In your copy, include every record exactly and no pictures.
Dataset excerpts START
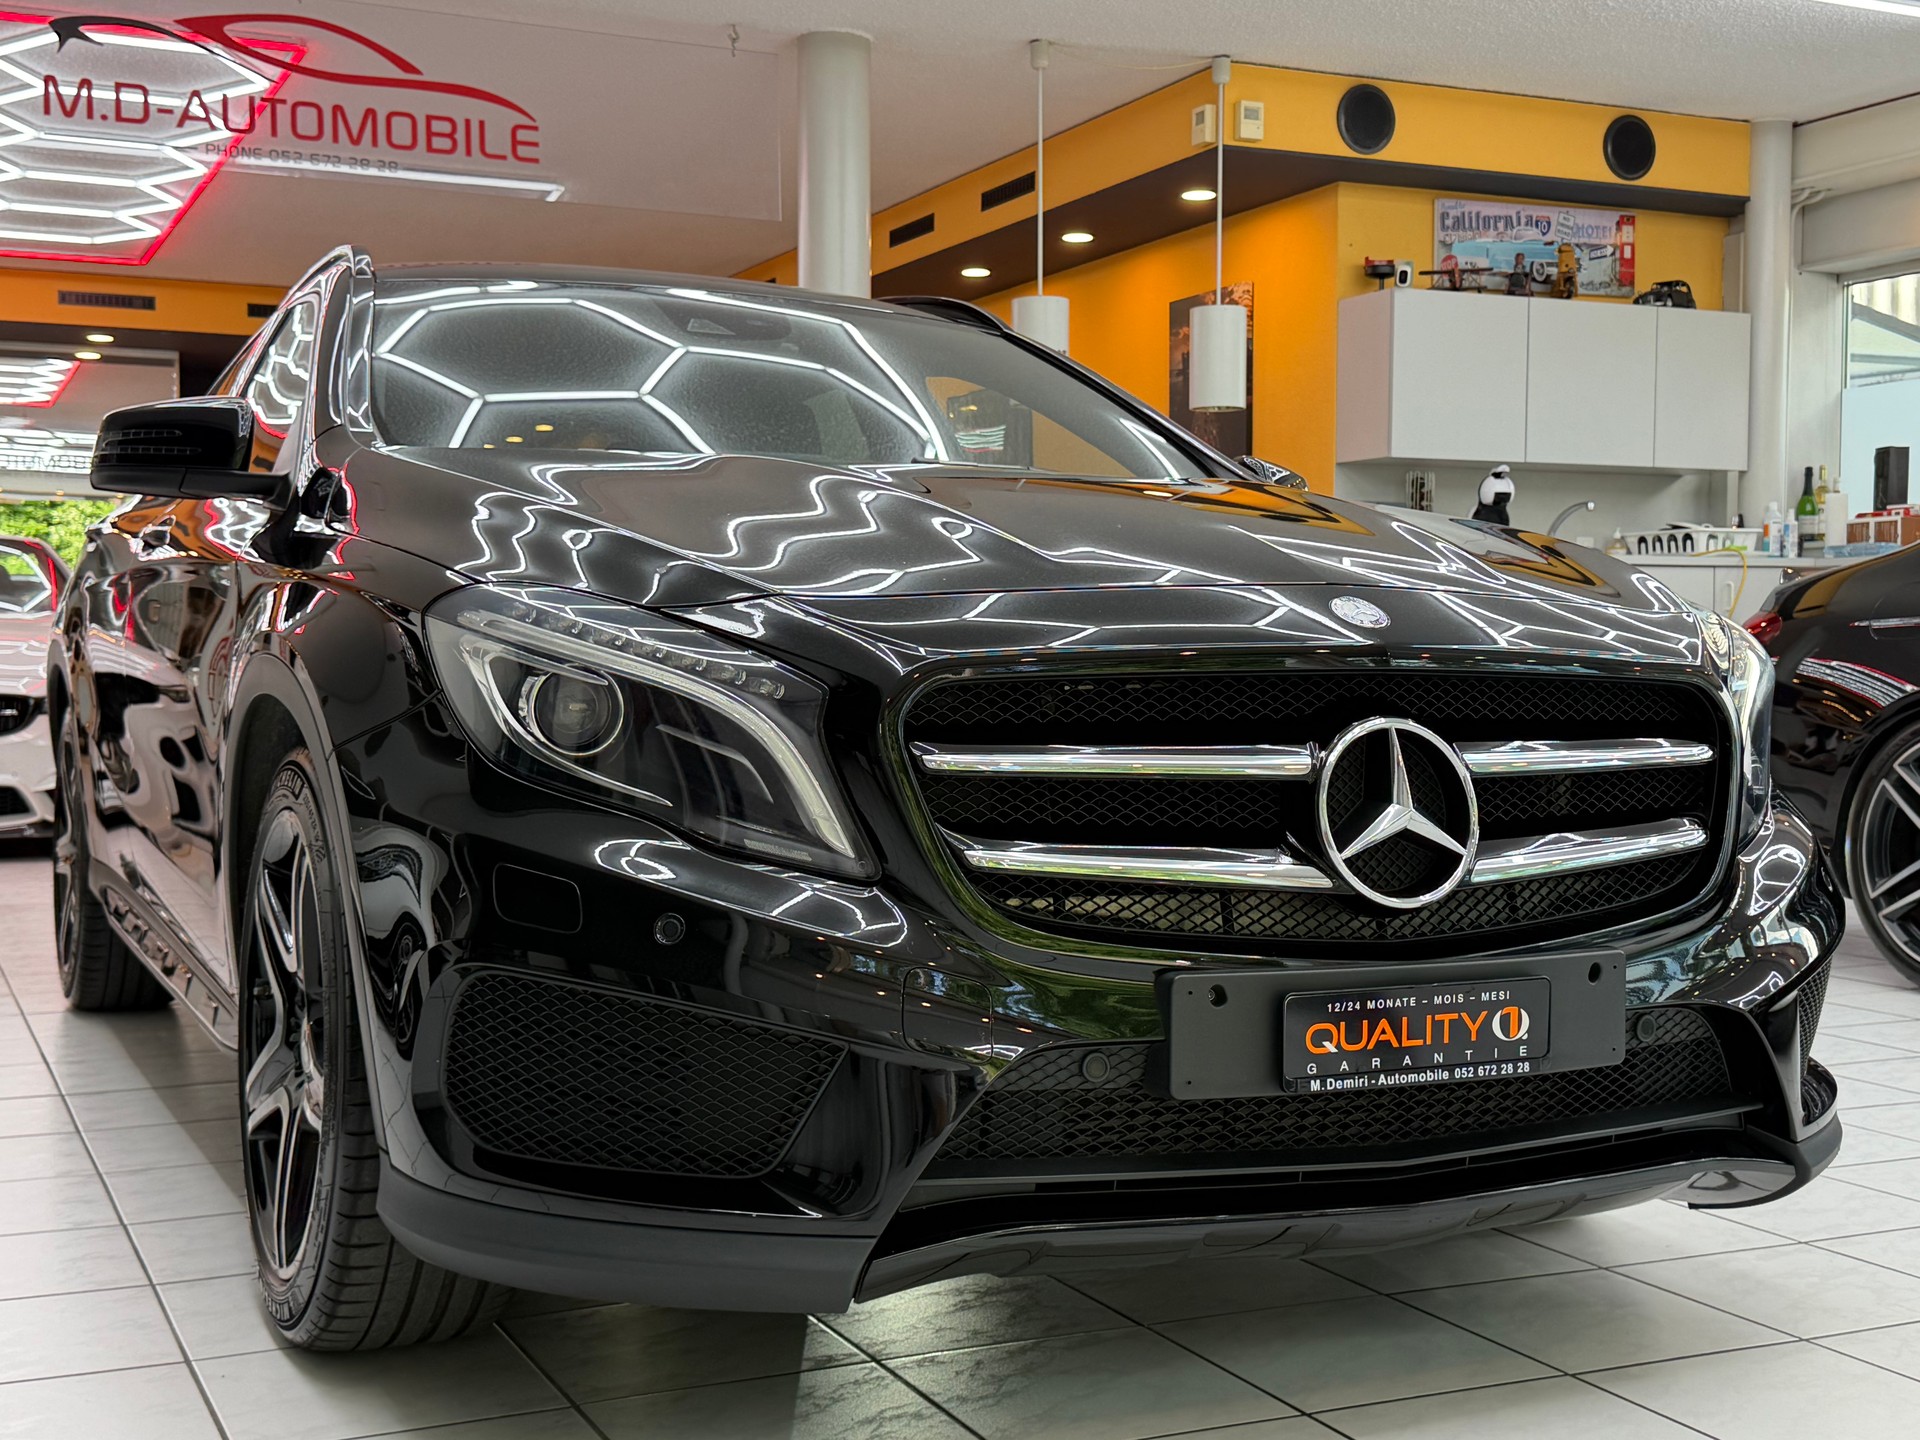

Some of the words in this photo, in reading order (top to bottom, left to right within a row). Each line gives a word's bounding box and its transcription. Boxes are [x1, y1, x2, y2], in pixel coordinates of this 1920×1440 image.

[43, 75, 540, 164] M.D-AUTOMOBILE
[205, 143, 263, 160] PHONE
[269, 148, 303, 163] 052
[349, 157, 371, 171] 28
[377, 159, 399, 173] 28
[1440, 209, 1535, 233] California
[1537, 221, 1549, 233] 10
[1327, 1001, 1361, 1013] 12/24
[1366, 996, 1417, 1010] MONATE
[1433, 993, 1464, 1005] MOIS
[1481, 990, 1511, 1002] MESI
[1305, 1010, 1489, 1055] QUALITY
[1306, 1045, 1528, 1075] GARANTIE
[1454, 1067, 1474, 1079] 052
[1477, 1064, 1497, 1077] 672
[1500, 1063, 1514, 1075] 28
[1517, 1061, 1530, 1073] 28
Dataset excerpts END
## [Response to the task]
Some of the words in this photo, in reading order (top to bottom, left to right within a row). Each line gives a word's bounding box and its transcription. Boxes are [x1, y1, x2, y2], in pixel coordinates of this 1920×1440 image.

[43, 75, 540, 164] M.D-AUTOMOBILE
[205, 143, 263, 160] PHONE
[269, 148, 303, 163] 052
[349, 157, 371, 171] 28
[377, 159, 399, 173] 28
[1440, 209, 1535, 233] California
[1537, 221, 1549, 233] 10
[1327, 1001, 1361, 1013] 12/24
[1366, 996, 1417, 1010] MONATE
[1433, 993, 1464, 1005] MOIS
[1481, 990, 1511, 1002] MESI
[1305, 1010, 1489, 1055] QUALITY
[1306, 1045, 1528, 1075] GARANTIE
[1454, 1067, 1474, 1079] 052
[1477, 1064, 1497, 1077] 672
[1500, 1063, 1514, 1075] 28
[1517, 1061, 1530, 1073] 28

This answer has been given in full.